(Dataset entries)
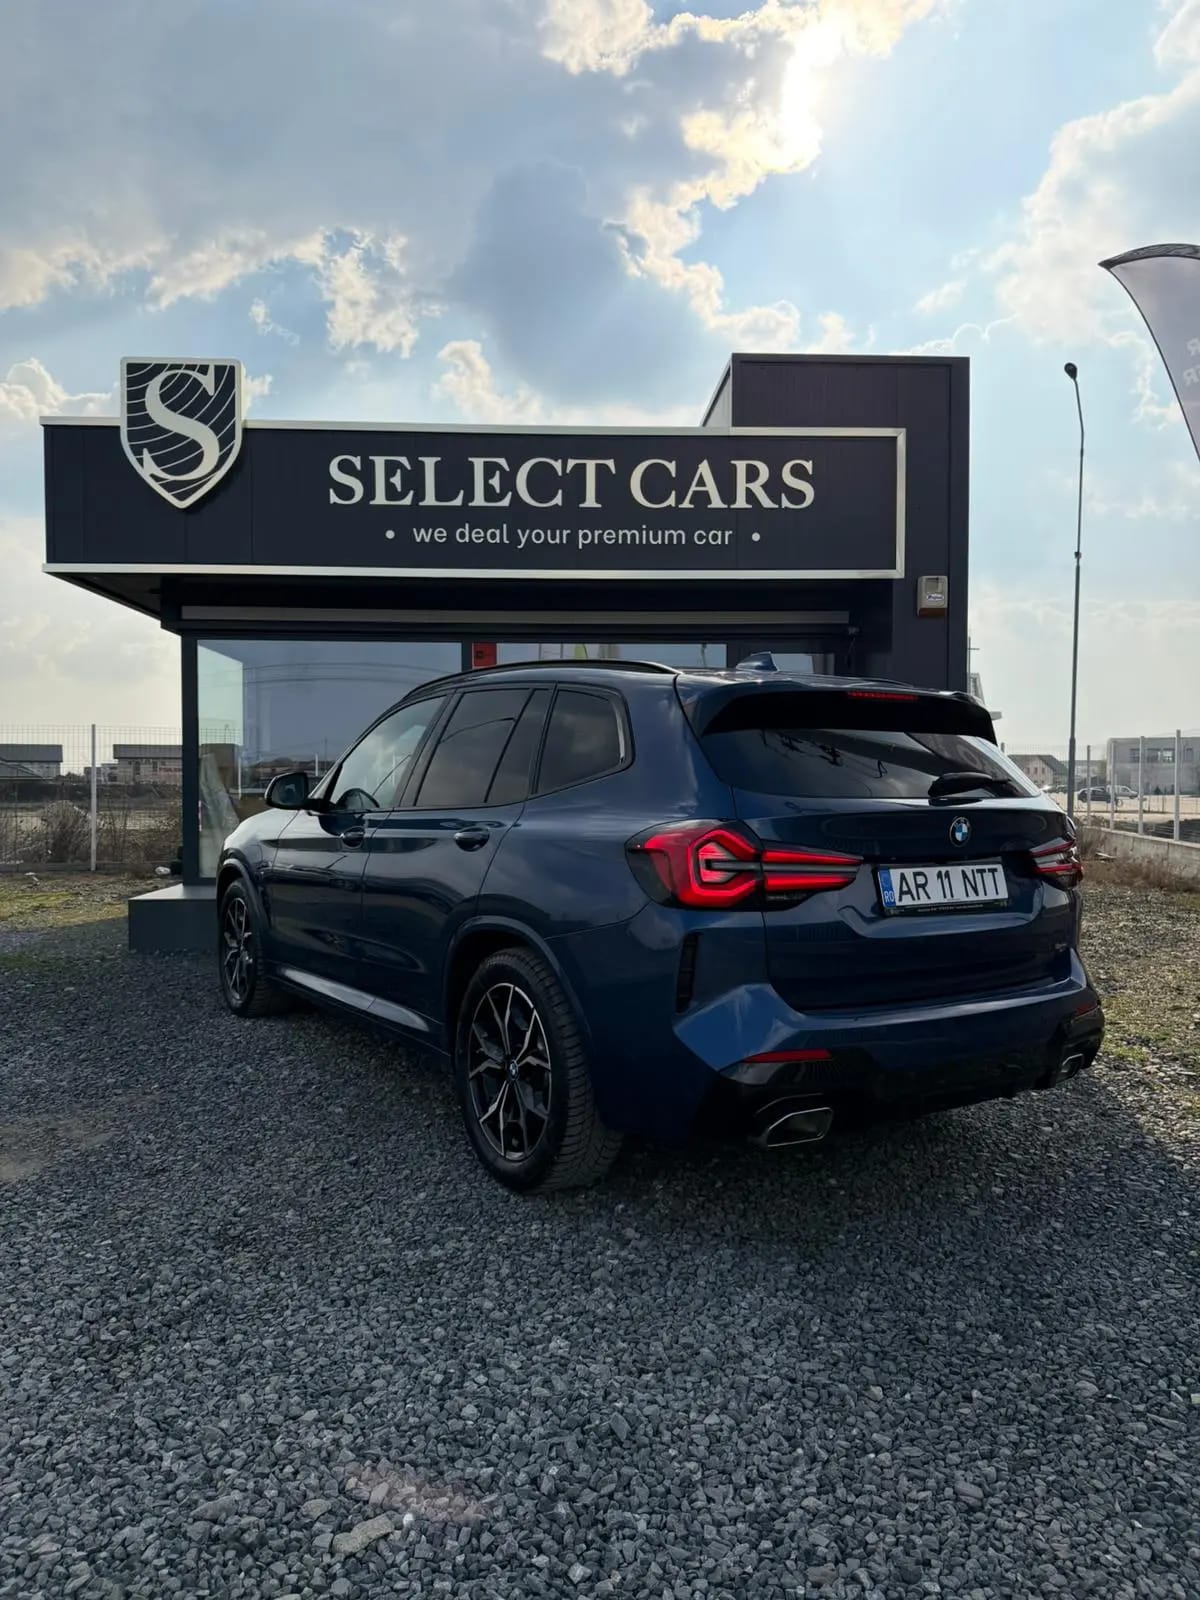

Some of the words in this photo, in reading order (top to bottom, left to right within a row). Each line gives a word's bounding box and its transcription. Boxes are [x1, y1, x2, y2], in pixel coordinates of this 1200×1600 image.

[144, 364, 220, 481] S
[329, 455, 616, 508] SELECT
[630, 459, 815, 509] CARS
[412, 527, 448, 543] we
[455, 523, 510, 544] deal
[517, 528, 571, 549] your
[578, 525, 686, 550] premium
[693, 529, 733, 545] car
[898, 871, 931, 903] AR
[936, 869, 954, 899] 11
[961, 867, 999, 898] NTT
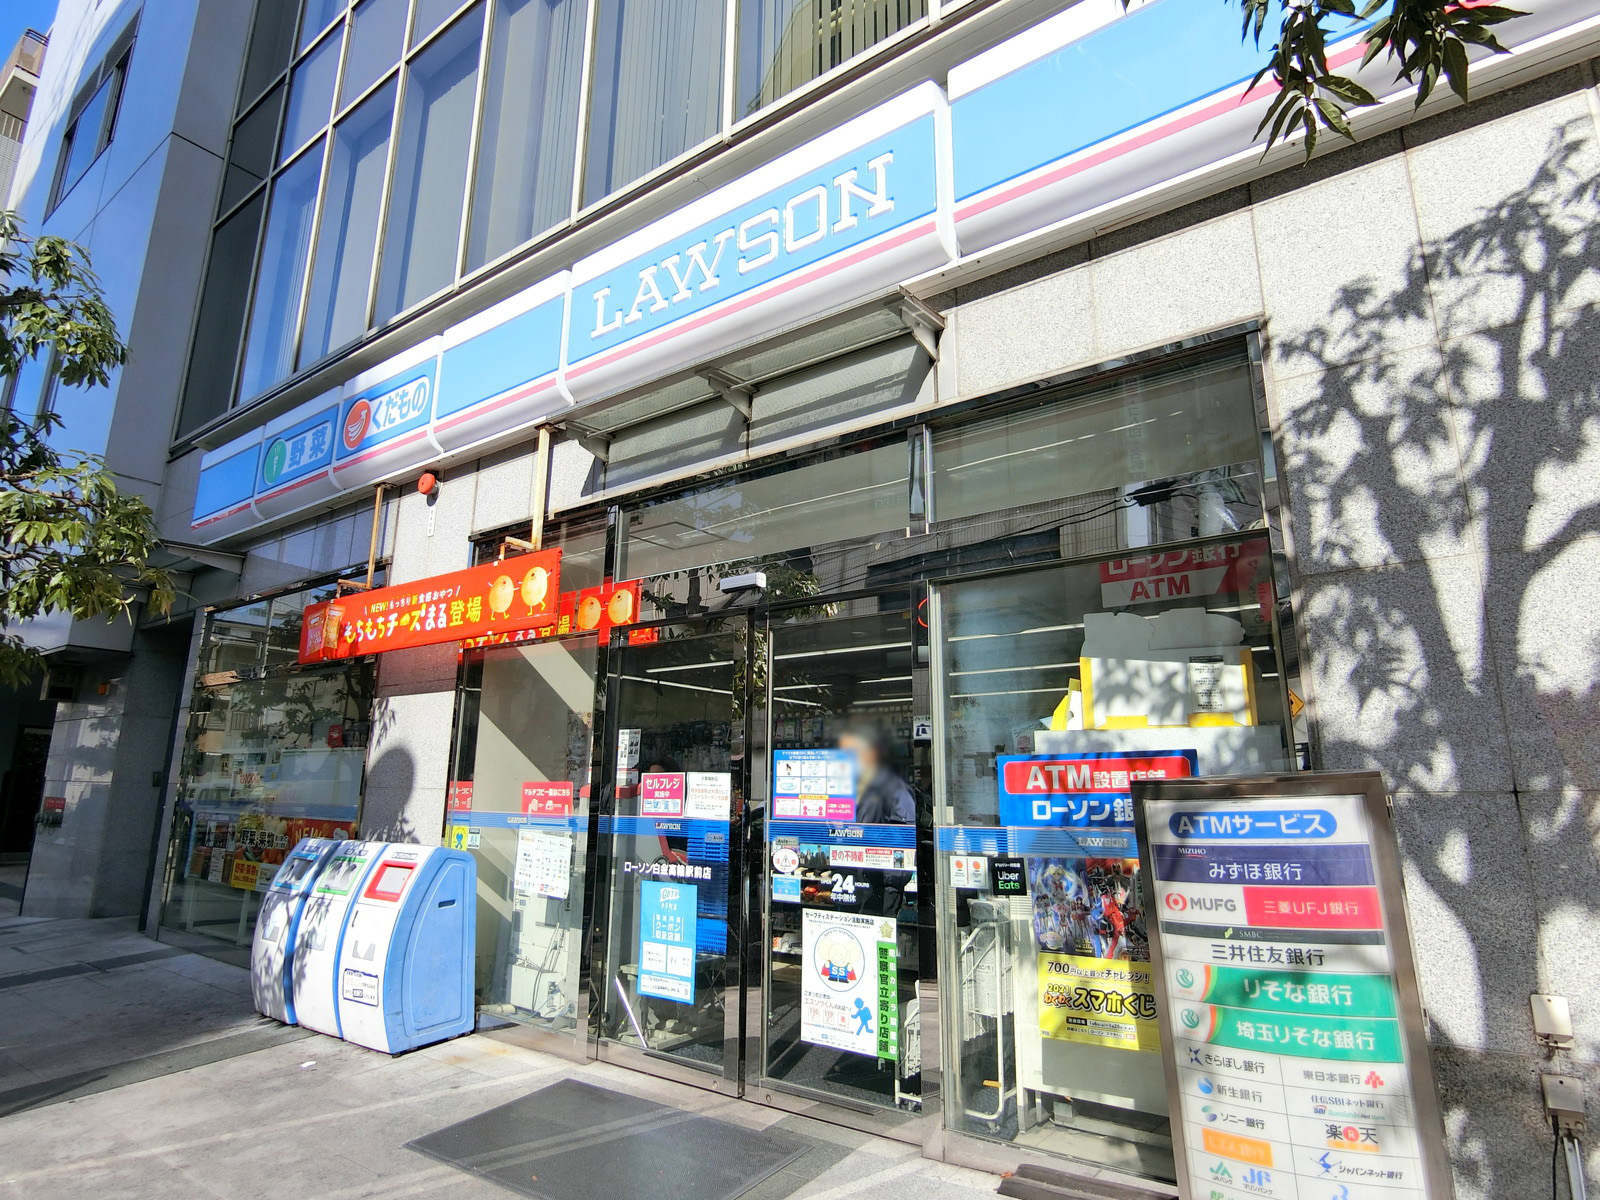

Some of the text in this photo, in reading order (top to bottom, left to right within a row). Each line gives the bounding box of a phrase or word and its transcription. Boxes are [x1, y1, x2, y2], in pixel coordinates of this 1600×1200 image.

[591, 150, 894, 339] LAWSON
[372, 387, 425, 430] くだもの
[290, 429, 331, 469] 野菜
[1130, 574, 1191, 601] ATM
[371, 601, 389, 613] NEW!
[344, 596, 482, 643] もちもちチーズまる登場
[646, 778, 680, 789] セルフレジ
[1177, 812, 1327, 836] ATMサービス
[829, 829, 864, 838] LAWSON
[1078, 836, 1129, 848] LAWSON
[1178, 847, 1207, 855] MIZUHO
[624, 861, 712, 880] ローソン白金高輪駅前店
[997, 871, 1020, 880] Uber
[1208, 861, 1303, 881] みずほ銀行
[831, 873, 855, 894] 24
[998, 881, 1020, 889] Eats
[1190, 896, 1237, 912] MUFG
[1263, 900, 1360, 916] 三菱UFJ銀行
[655, 920, 681, 932] クーポン
[1239, 929, 1263, 939] SMBC
[1211, 943, 1325, 966] 三井住友銀行
[831, 966, 845, 976] SS
[1047, 983, 1070, 993] 2021
[1243, 978, 1353, 1006] りそな銀行
[1043, 987, 1157, 1018] わくわく スマホくじ
[1236, 1020, 1375, 1051] 埼玉りそな銀行
[1204, 1053, 1265, 1074] きらぼし銀行
[1303, 1069, 1361, 1085] 東日本銀行
[1216, 1084, 1263, 1103] 新生銀行
[1310, 1094, 1385, 1109] 住信SBIネット銀行
[1313, 1107, 1326, 1115] SBI
[1220, 1112, 1265, 1130] ソニー銀行
[1212, 1174, 1233, 1185] JAバンク
[1339, 1165, 1403, 1180] ジャパンネット銀行
[1243, 1183, 1273, 1195] マリンバンク
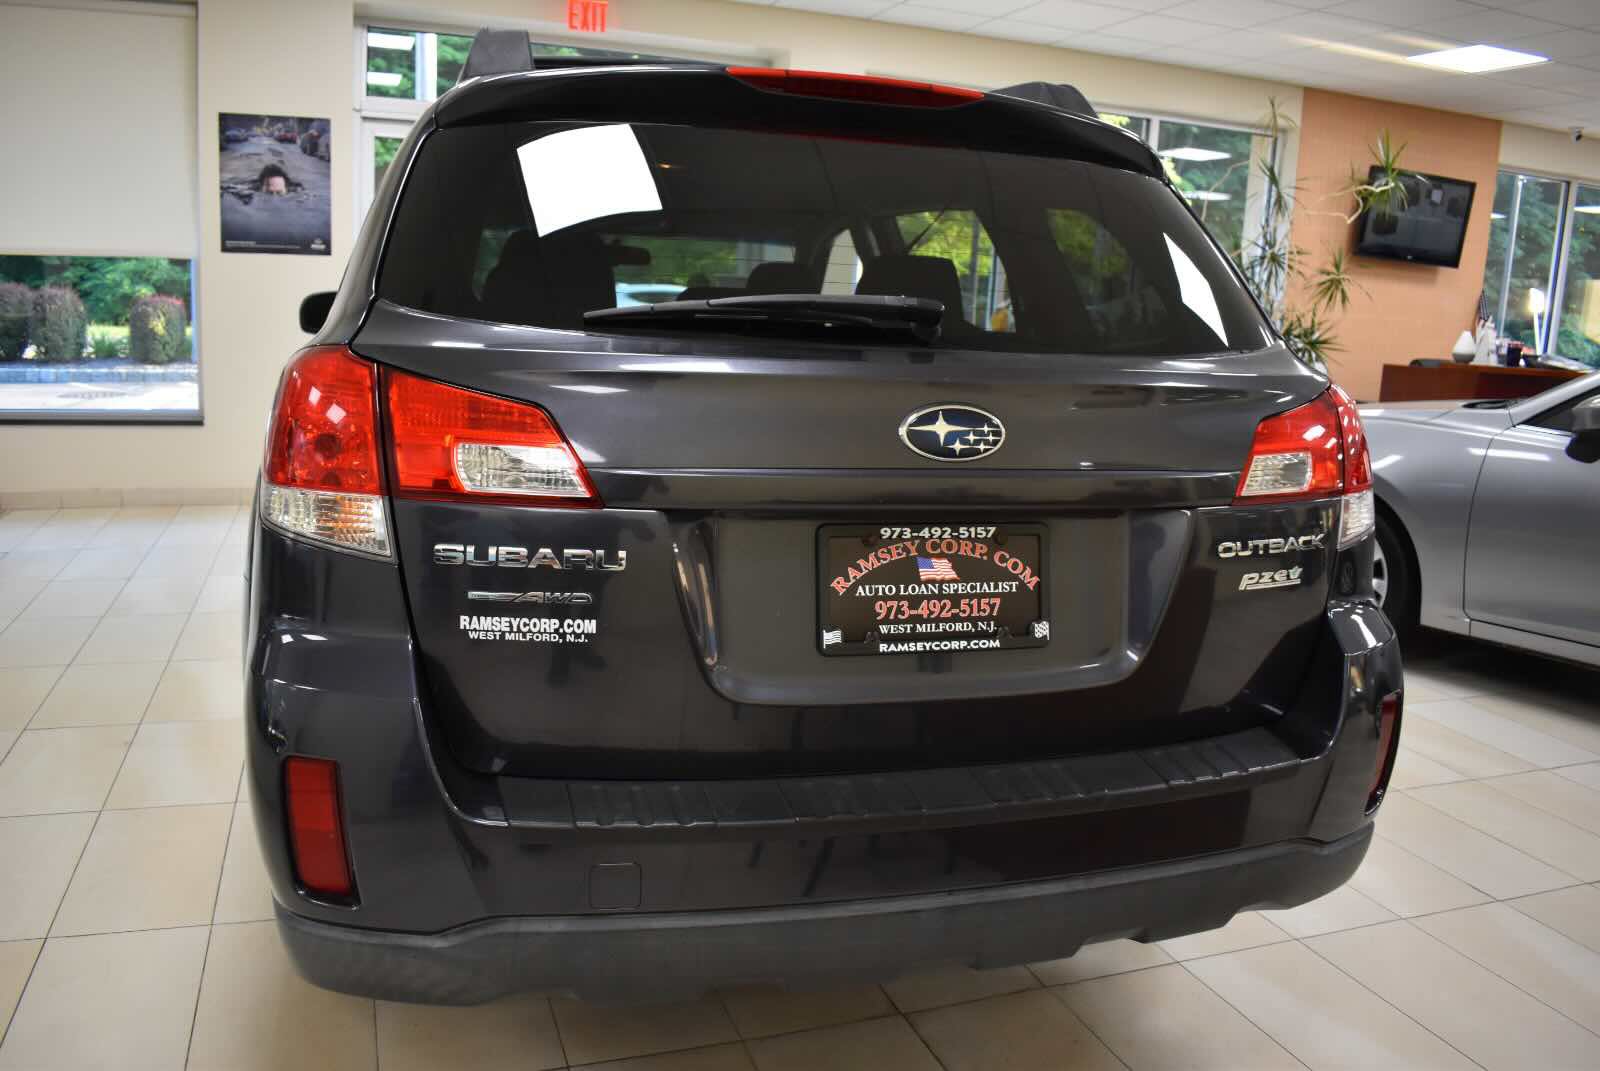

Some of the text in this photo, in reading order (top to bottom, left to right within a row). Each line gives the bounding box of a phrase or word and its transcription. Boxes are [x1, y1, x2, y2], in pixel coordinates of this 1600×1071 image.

[567, 0, 608, 32] EXIT
[880, 526, 997, 539] 973-492-5157
[1218, 533, 1325, 558] OUTBACK
[433, 544, 627, 571] SUBARU
[831, 538, 1040, 596] RAMSEY CORP. COM
[513, 591, 593, 604] AWD
[856, 581, 1019, 597] AUTO LOAN SPECIALIST
[874, 598, 1001, 620] 973-492-5157
[459, 615, 597, 633] RAMSEYCORP.COM
[879, 621, 997, 635] WEST MILFORD, N.J.
[468, 630, 588, 643] WEST MILFORD, N.J.
[879, 640, 1000, 653] RAMSEYCORP.COM
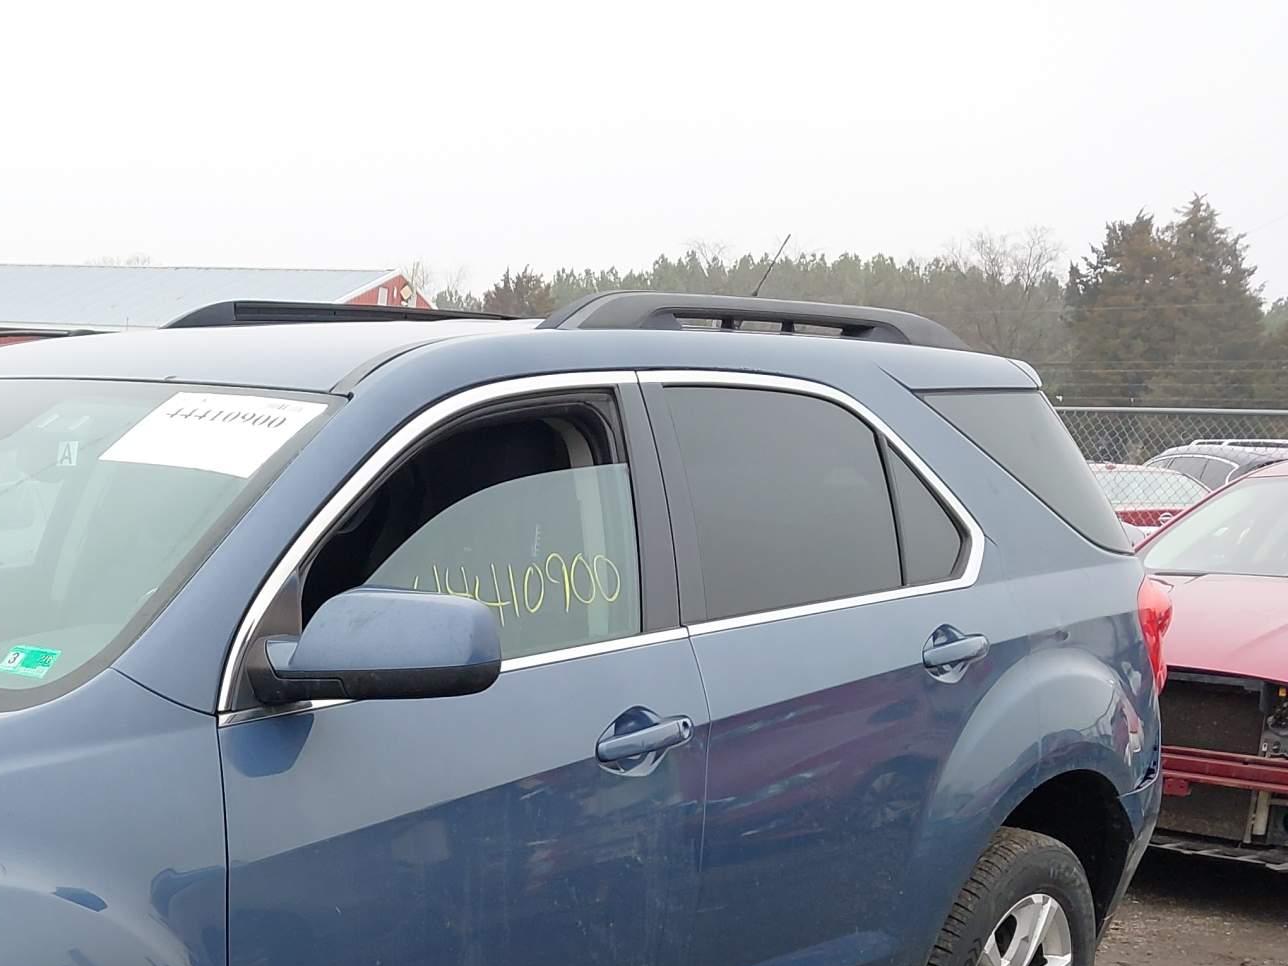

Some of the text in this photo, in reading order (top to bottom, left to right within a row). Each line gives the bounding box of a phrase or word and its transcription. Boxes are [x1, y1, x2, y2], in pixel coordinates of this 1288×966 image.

[165, 407, 287, 428] 44410900
[60, 443, 73, 464] A
[413, 552, 621, 627] 4410900
[8, 652, 20, 665] 3

▸ What you have to do
Answer with the exact lines running from the one that contains "this 1288×966 image." through the last line of the data. Include no other line.

▸ Written response
Some of the text in this photo, in reading order (top to bottom, left to right within a row). Each line gives the bounding box of a phrase or word and its transcription. Boxes are [x1, y1, x2, y2], in pixel coordinates of this 1288×966 image.

[165, 407, 287, 428] 44410900
[60, 443, 73, 464] A
[413, 552, 621, 627] 4410900
[8, 652, 20, 665] 3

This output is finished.